I’m trying to run resnet-50 model on Adreno GPU but performance isn’t coming out to be that good. I’ve built TVM with opencl as backend. I’ve tried changing the texture_spacial_limit but it’s not having any effect on the inference time. I’ve few doubts regarding TVM for adreno gpu :

  1. Does tvm know how to efficiently use texture processor that’s there within Adreno?

  2. How to efficiently run NN on adreno gpu without OpenCLML?

OS : QNX 7.1 Target : Qualcomm Board @srkreddy1238

Spatial limit affect texture memory compatibility only. Most of Qualcomm platfoms its 16K. We shouldn’t be increasing beyond hardware capability. Increasing this limit need not be necessarily increase performance.

Texture enablement happens with target being “opencl -device=adreno”. Auto tuning refines the kernels further.

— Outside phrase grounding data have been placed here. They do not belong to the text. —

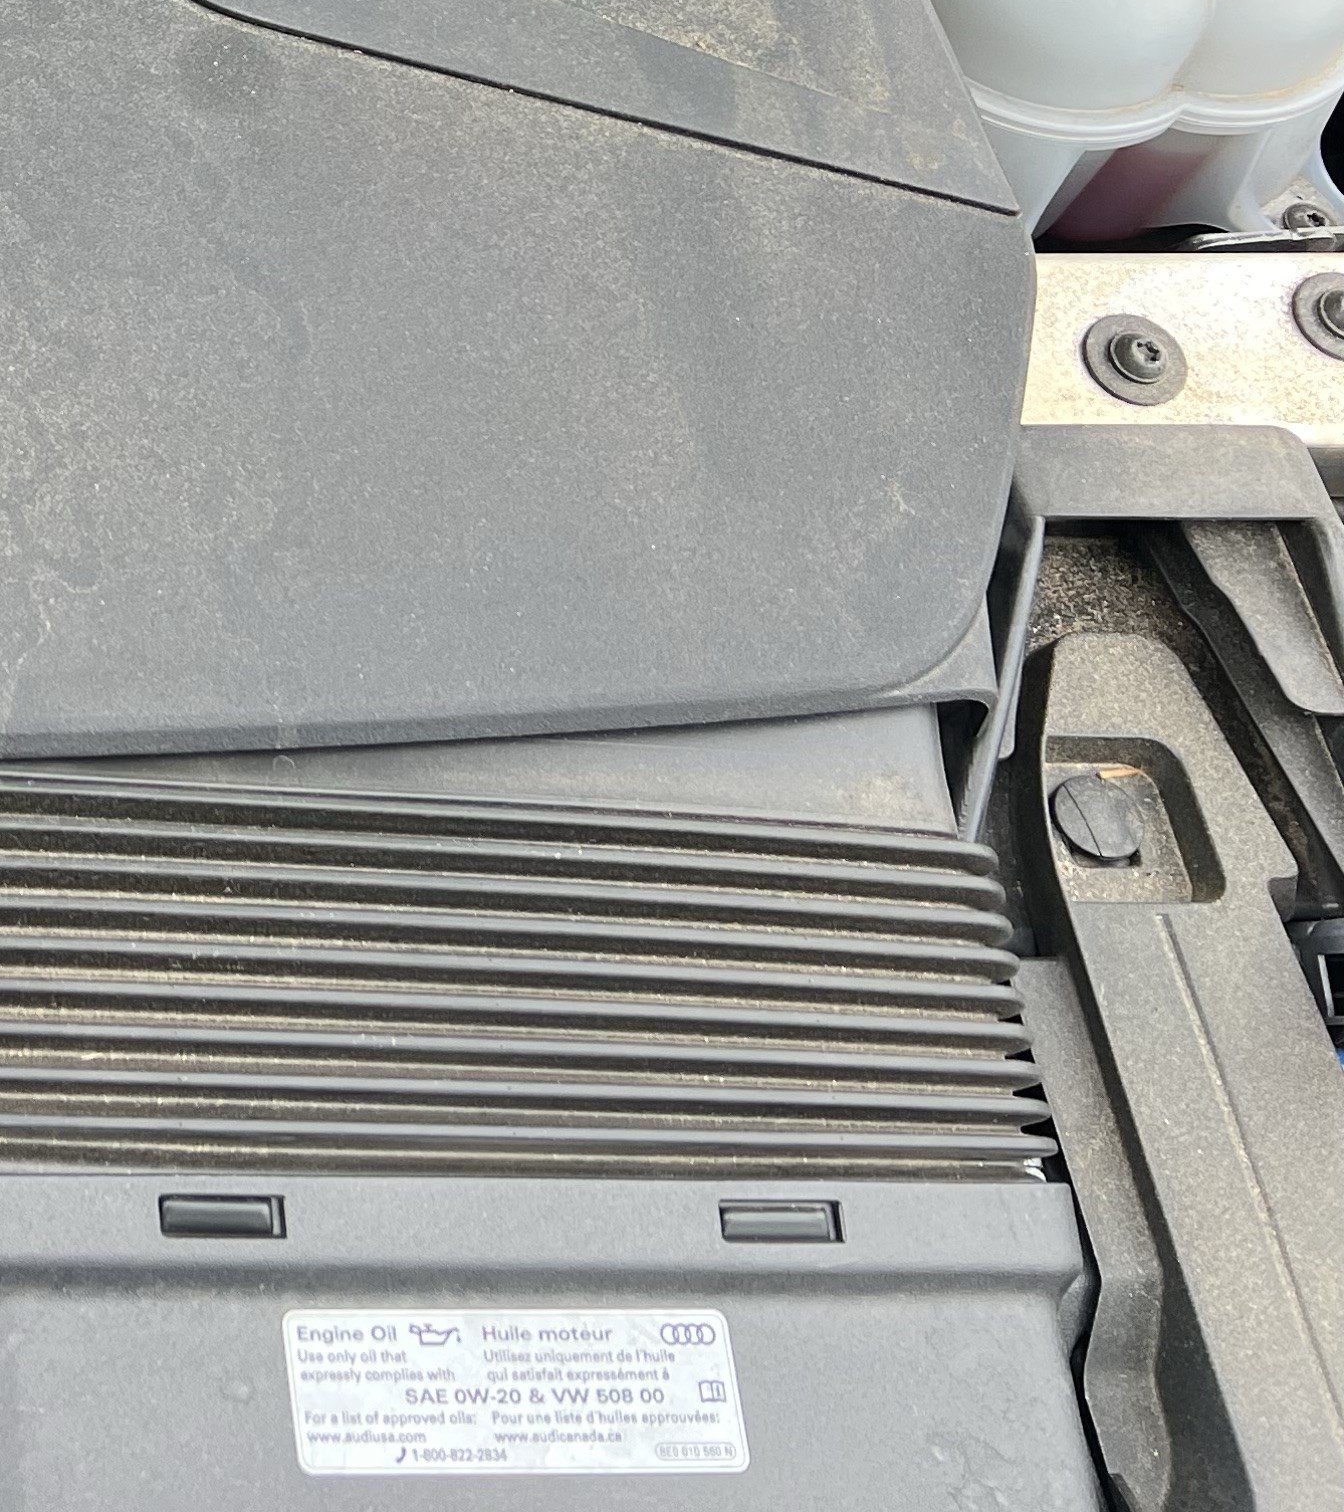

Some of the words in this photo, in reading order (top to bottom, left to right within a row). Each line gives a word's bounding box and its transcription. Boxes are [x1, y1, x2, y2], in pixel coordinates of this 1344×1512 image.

[297, 1325, 363, 1344] Engine
[371, 1324, 397, 1341] Oil
[482, 1326, 532, 1341] Huile
[538, 1327, 613, 1342] moteur
[297, 1350, 324, 1363] Use
[327, 1349, 357, 1365] only
[360, 1349, 377, 1363] oil
[380, 1349, 407, 1363] that
[483, 1349, 531, 1363] Utilisez
[535, 1349, 613, 1366] uniquement
[617, 1349, 633, 1363] de
[636, 1349, 675, 1363] l'huile
[300, 1368, 361, 1384] expressly
[365, 1368, 423, 1383] complies
[427, 1368, 456, 1381] with
[487, 1368, 508, 1384] qui
[512, 1367, 563, 1381] satisfait
[566, 1367, 658, 1383] expressément
[405, 1388, 448, 1404] SAE
[455, 1388, 522, 1404] 0W-20
[529, 1388, 544, 1404] &
[551, 1388, 589, 1404] VW
[597, 1388, 634, 1404] 508
[640, 1388, 665, 1404] 00
[304, 1411, 326, 1424] For
[330, 1414, 339, 1424] a
[342, 1411, 362, 1424] list
[365, 1411, 379, 1424] of
[383, 1411, 445, 1427] approved
[449, 1411, 477, 1424] oils:
[492, 1411, 523, 1425] Pour
[527, 1413, 551, 1425] une
[555, 1411, 582, 1424] liste
[307, 1430, 427, 1443] www.audiusa.com
[494, 1430, 623, 1443] www.audicanada.ca
[412, 1448, 508, 1462] 1-800-822-2834
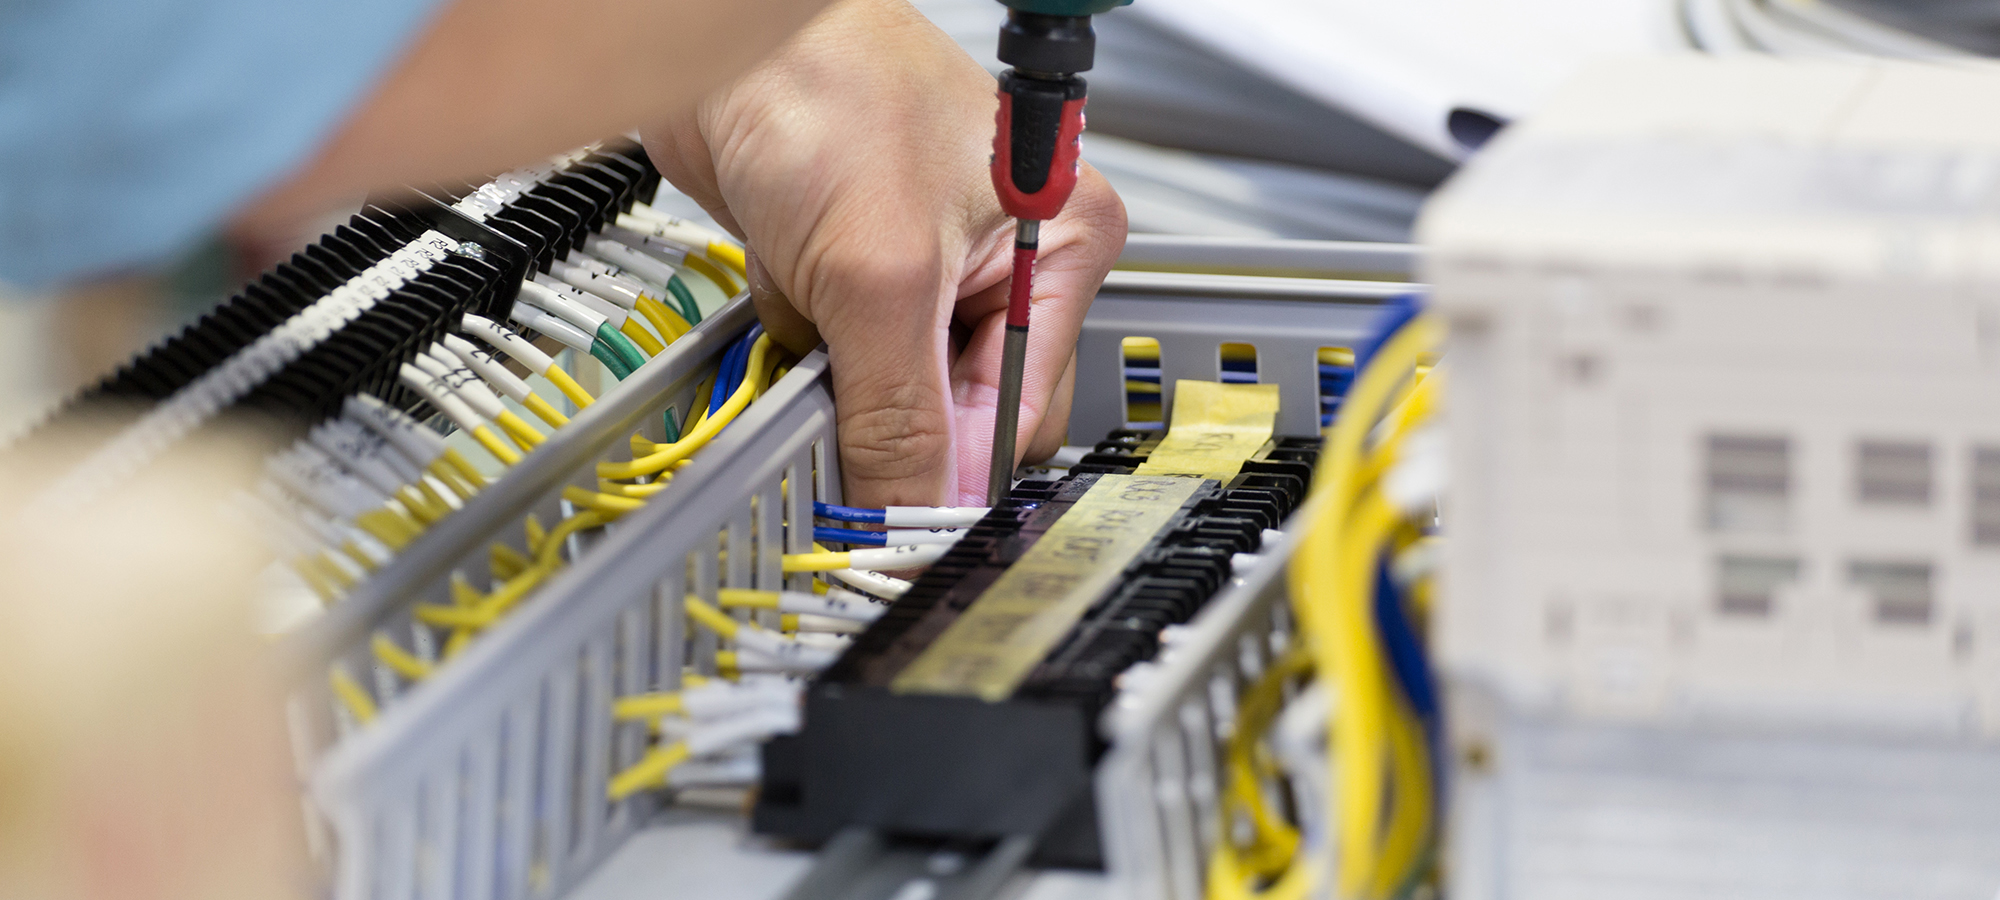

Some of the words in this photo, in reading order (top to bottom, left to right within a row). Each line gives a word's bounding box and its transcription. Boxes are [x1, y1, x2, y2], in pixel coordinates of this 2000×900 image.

[429, 238, 448, 250] R2
[415, 248, 434, 259] R2
[401, 257, 420, 268] R2
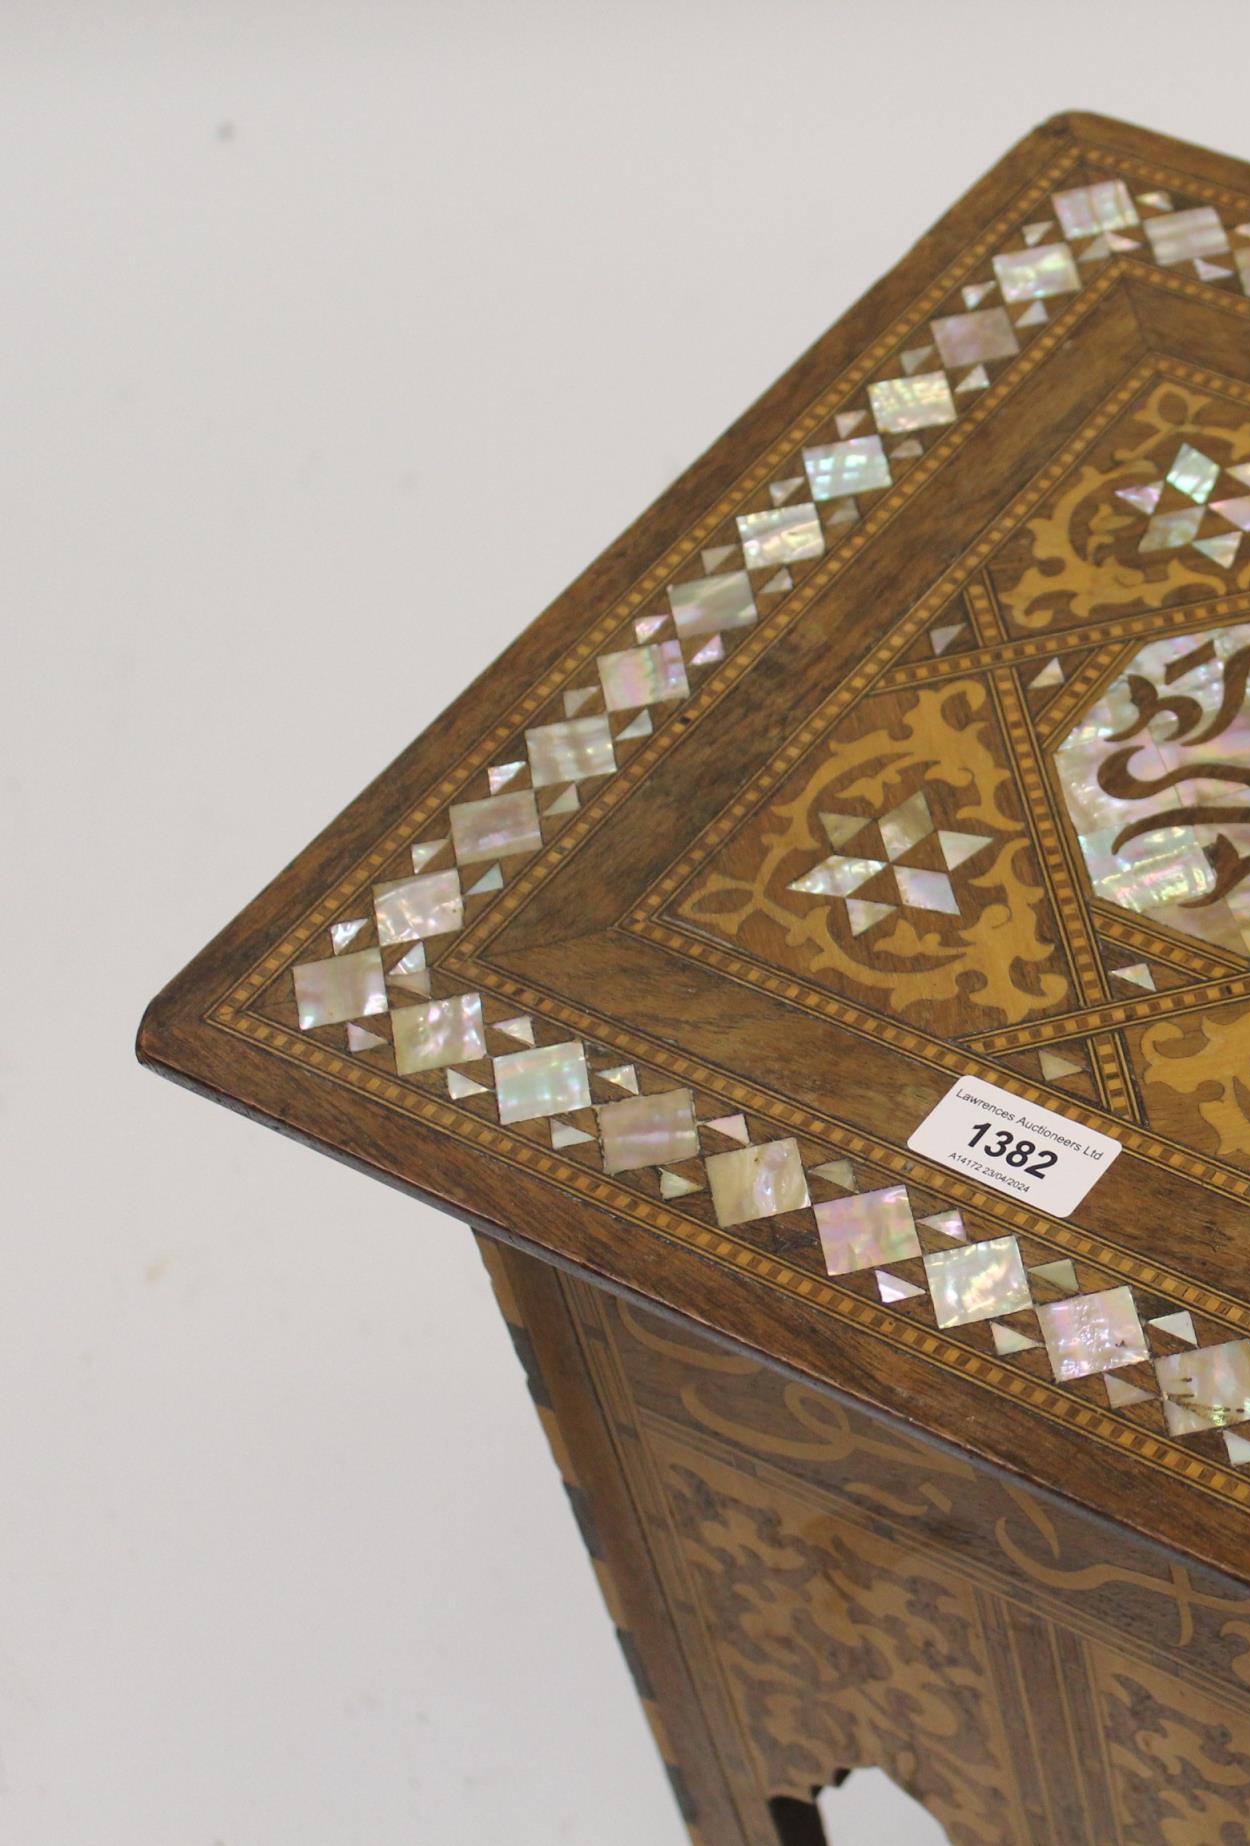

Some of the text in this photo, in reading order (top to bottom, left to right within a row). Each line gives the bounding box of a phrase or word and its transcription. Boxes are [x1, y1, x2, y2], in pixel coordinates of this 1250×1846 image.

[956, 1088, 1104, 1161] Lawrences Auctioneers Ltd
[967, 1122, 1058, 1180] 1382
[948, 1152, 1031, 1193] A14172 23/04/2024
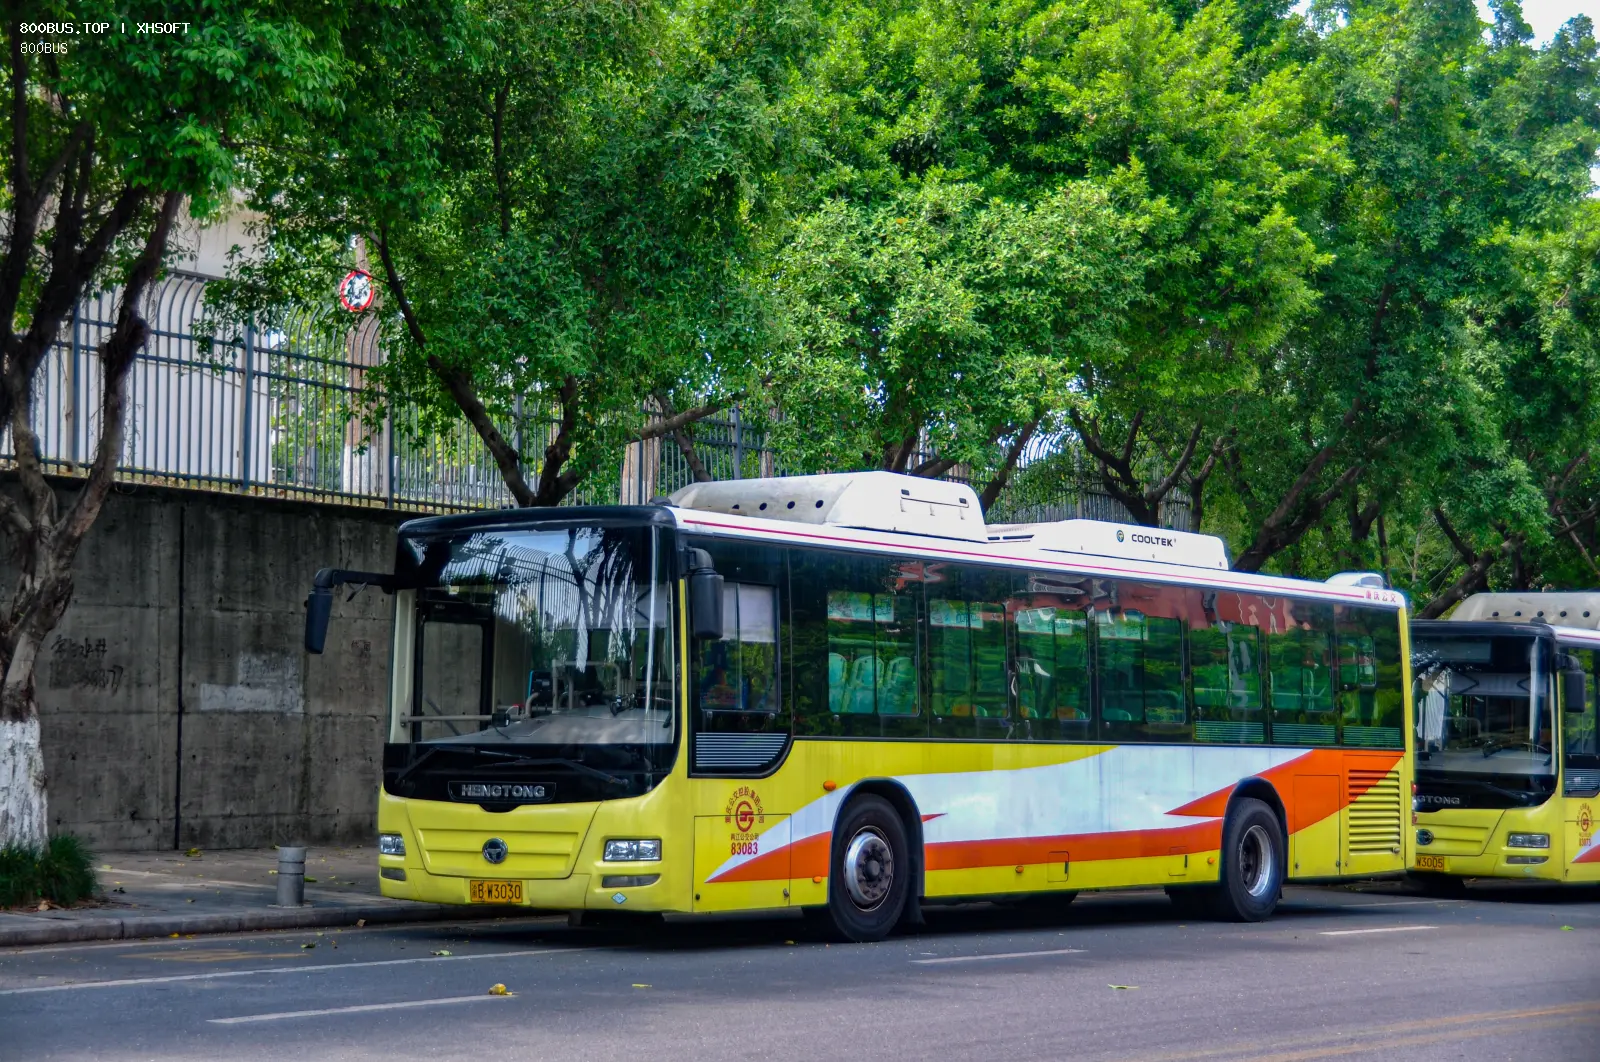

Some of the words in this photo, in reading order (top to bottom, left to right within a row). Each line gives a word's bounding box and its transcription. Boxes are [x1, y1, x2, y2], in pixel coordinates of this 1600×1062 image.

Thanks for your reply I’m getting following results with TVM on QNX7.1 os with Adreno 663 GPU for resnet-50 model :

Inference Time Max_threads_per_block Max_num_threads Max_shared_mem_per_block Texture_spatial_limit
42.78 8 256 8192 16384
42.49 8 256 8192 8192

Increasing texture_spatial_limit had no impact on inference time. Is this observation in sync with how texture processor should work? With tuning I’m getting improvement in inference time but still by default TVM is unable to use full capability of texture processor.

Hi Varun,

Increased texture spatial limit only allows tensors with higher dimensions to use clImages (accessed texture hardware block). Resnet-50 may have tiny tensor shapes that fit into any of these limits (8K or 16K). Hence, performance may not have impacted here.